Referring expression grounding data:
+ + + + +
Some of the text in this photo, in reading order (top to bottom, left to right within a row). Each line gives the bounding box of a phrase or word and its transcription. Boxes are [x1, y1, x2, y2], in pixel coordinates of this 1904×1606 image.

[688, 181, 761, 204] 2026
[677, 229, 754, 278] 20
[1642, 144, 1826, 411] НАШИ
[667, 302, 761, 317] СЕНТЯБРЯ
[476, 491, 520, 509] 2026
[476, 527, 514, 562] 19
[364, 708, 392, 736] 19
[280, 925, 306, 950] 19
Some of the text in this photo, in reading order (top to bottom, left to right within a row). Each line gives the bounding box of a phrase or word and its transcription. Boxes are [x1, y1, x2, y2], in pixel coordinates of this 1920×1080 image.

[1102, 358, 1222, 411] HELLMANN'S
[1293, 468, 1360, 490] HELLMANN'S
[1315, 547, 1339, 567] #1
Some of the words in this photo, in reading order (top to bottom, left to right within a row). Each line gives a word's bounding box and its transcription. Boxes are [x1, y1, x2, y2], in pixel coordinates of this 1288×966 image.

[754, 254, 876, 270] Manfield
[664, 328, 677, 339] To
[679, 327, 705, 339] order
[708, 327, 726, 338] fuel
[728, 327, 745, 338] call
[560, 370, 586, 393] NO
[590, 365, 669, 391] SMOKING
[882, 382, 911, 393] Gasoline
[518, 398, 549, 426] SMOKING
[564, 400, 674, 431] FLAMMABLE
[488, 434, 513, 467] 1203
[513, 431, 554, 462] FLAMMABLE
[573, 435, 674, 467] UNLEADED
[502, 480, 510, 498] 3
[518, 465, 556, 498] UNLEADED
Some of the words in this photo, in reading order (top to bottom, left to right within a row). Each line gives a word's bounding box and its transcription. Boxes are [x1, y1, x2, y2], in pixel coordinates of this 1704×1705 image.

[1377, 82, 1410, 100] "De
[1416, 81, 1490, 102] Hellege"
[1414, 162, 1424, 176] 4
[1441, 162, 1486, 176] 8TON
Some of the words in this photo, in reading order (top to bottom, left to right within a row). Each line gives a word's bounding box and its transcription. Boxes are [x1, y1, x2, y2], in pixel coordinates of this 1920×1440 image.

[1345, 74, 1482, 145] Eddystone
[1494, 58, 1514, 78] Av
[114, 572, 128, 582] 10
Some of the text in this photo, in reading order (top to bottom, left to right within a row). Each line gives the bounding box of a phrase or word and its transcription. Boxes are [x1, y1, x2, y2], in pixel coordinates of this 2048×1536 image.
+ + + + +
**Your instructions:**
Write the whole of the data out again exactly as it stands.

**Solution to the problem:**
Some of the text in this photo, in reading order (top to bottom, left to right within a row). Each line gives the bounding box of a phrase or word and its transcription. Boxes are [x1, y1, x2, y2], in pixel coordinates of this 1904×1606 image.

[688, 181, 761, 204] 2026
[677, 229, 754, 278] 20
[1642, 144, 1826, 411] НАШИ
[667, 302, 761, 317] СЕНТЯБРЯ
[476, 491, 520, 509] 2026
[476, 527, 514, 562] 19
[364, 708, 392, 736] 19
[280, 925, 306, 950] 19
Some of the text in this photo, in reading order (top to bottom, left to right within a row). Each line gives the bounding box of a phrase or word and its transcription. Boxes are [x1, y1, x2, y2], in pixel coordinates of this 1920×1080 image.

[1102, 358, 1222, 411] HELLMANN'S
[1293, 468, 1360, 490] HELLMANN'S
[1315, 547, 1339, 567] #1
Some of the words in this photo, in reading order (top to bottom, left to right within a row). Each line gives a word's bounding box and its transcription. Boxes are [x1, y1, x2, y2], in pixel coordinates of this 1288×966 image.

[754, 254, 876, 270] Manfield
[664, 328, 677, 339] To
[679, 327, 705, 339] order
[708, 327, 726, 338] fuel
[728, 327, 745, 338] call
[560, 370, 586, 393] NO
[590, 365, 669, 391] SMOKING
[882, 382, 911, 393] Gasoline
[518, 398, 549, 426] SMOKING
[564, 400, 674, 431] FLAMMABLE
[488, 434, 513, 467] 1203
[513, 431, 554, 462] FLAMMABLE
[573, 435, 674, 467] UNLEADED
[502, 480, 510, 498] 3
[518, 465, 556, 498] UNLEADED
Some of the words in this photo, in reading order (top to bottom, left to right within a row). Each line gives a word's bounding box and its transcription. Boxes are [x1, y1, x2, y2], in pixel coordinates of this 1704×1705 image.

[1377, 82, 1410, 100] "De
[1416, 81, 1490, 102] Hellege"
[1414, 162, 1424, 176] 4
[1441, 162, 1486, 176] 8TON
Some of the words in this photo, in reading order (top to bottom, left to right within a row). Each line gives a word's bounding box and its transcription. Boxes are [x1, y1, x2, y2], in pixel coordinates of this 1920×1440 image.

[1345, 74, 1482, 145] Eddystone
[1494, 58, 1514, 78] Av
[114, 572, 128, 582] 10
Some of the text in this photo, in reading order (top to bottom, left to right within a row). Each line gives the bounding box of a phrase or word and its transcription. Boxes are [x1, y1, x2, y2], in pixel coordinates of this 2048×1536 image.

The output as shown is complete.